Investment Objective and Investment Policy
The Company's investment objective is to generate attractive risk adjusted returns principally through income distributions.
The Company pursues its investment objective by investing in a diversified portfolio of UK and European Asset Backed Securities.
The portfolio will comply, as at each date an investment is made, with the following restrictions:
(i) at least 50% of the portfolio value will be invested in assets which have at least one investment grade credit rating from an internationally recognised rating agency, or in cash; and
(ii) no more than 5 per cent. of the portfolio value will be exposed to any single Asset Backed Security or issuer of Asset Backed Securities.
Exceptions to these restrictions will be permitted in respect of reinvestments where the Investment Manager will be permitted to purchase new investments if the purchase would, at the time of reinvestment:
· not increase the proportion of the portfolio represented by noninvestment grade Asset Backed Securities (even where following the purchase less than 50% of the portfolio value will be invested in assets which have at least one investment grade credit rating from an internationally recognised rating agency or cash due to market movements and/or changes in credit ratings); and
· the asset purchased would be compliant with the single Asset Backed Security/issuer exposure restriction above (even where following the purchase more than 5% of the portfolio value will be exposed to another single Asset Backed Security or issuer due to market movements).
For the avoidance of doubt, reinvestments will make the portfolio, in aggregate, no less compliant with one or both of (i) and (ii), above.

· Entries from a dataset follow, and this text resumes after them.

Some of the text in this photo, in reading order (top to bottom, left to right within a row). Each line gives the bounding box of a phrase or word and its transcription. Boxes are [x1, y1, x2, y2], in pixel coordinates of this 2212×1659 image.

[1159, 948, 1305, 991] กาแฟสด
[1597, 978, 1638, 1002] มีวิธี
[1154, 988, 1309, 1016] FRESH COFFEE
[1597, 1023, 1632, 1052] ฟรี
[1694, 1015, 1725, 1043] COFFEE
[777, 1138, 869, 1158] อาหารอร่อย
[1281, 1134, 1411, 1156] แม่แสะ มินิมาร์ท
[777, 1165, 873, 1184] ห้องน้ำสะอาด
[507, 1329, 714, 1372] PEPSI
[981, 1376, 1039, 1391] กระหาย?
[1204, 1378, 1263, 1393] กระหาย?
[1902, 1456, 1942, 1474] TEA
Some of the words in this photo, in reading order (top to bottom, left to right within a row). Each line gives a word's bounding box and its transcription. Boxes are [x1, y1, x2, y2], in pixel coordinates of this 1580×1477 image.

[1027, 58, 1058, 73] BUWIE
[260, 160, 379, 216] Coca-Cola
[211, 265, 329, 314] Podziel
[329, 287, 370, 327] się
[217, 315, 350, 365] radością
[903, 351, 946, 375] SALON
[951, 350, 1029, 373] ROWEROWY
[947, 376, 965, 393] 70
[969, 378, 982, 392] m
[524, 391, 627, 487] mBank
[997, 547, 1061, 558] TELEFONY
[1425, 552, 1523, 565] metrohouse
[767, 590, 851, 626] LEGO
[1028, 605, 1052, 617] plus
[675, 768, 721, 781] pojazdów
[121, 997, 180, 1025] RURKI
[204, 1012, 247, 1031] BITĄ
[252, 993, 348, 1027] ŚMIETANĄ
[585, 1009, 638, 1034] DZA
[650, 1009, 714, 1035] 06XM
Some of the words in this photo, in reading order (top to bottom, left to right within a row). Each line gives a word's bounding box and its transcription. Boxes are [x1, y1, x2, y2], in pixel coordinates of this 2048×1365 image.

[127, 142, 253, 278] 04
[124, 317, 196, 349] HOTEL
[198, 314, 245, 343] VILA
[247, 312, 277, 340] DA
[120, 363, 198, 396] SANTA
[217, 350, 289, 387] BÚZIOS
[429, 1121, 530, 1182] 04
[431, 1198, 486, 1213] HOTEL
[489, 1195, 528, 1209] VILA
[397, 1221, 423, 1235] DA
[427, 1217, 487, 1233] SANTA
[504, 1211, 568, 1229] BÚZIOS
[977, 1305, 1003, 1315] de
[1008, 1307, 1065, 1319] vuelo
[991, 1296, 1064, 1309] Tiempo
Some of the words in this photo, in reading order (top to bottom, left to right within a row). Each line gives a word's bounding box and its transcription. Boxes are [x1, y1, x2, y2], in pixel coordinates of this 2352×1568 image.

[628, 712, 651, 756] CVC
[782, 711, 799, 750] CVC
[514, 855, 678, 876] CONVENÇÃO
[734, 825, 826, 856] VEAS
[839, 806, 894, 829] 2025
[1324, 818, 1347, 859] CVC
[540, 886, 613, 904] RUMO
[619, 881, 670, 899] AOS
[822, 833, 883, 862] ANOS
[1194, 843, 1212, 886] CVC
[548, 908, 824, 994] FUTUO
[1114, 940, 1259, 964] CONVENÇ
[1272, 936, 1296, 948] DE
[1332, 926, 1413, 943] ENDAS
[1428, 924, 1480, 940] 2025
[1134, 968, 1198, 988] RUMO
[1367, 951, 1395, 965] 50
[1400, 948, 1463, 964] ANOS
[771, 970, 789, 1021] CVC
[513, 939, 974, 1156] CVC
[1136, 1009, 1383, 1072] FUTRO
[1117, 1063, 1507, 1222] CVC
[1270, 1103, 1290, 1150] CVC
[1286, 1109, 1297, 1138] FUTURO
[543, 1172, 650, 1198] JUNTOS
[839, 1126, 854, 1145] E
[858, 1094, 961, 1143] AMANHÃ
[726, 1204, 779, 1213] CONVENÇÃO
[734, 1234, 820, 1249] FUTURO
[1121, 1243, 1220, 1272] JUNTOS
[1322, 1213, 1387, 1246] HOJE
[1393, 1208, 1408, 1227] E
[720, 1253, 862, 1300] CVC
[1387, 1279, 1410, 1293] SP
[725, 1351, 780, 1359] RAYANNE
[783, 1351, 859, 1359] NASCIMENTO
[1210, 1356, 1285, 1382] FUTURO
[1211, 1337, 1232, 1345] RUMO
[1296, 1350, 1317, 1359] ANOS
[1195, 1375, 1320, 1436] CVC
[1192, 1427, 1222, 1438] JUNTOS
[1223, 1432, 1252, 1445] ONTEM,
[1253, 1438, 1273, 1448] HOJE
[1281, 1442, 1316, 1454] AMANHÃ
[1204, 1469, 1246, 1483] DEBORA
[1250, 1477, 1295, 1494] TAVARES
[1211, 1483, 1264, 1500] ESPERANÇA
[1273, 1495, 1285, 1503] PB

The Company will not employ gearing or derivatives for investment purposes. The Company may use borrowing for short-term liquidity purposes, which could be achieved through a loan facility or other types of collateralised borrowing instruments including repurchase transactions and stock lending. The Directors will restrict the borrowings of the Company to 10% of the Company's Net Asset Value ("NAV") at the time of drawdown.
The Company has a target net total return on the Issue Price of between 7 and 10 % per annum.
Shareholder Information
Northern Trust International Fund Administration (Guernsey) Limited (the "Administrator") is responsible for calculating the NAV per share of the Company. The unaudited NAV per Ordinary Redeemable Share will be calculated as at the close of business on the last business day of every week and the last business day of every month by the Administrator and will be announced by a Regulatory Information Service the following business day.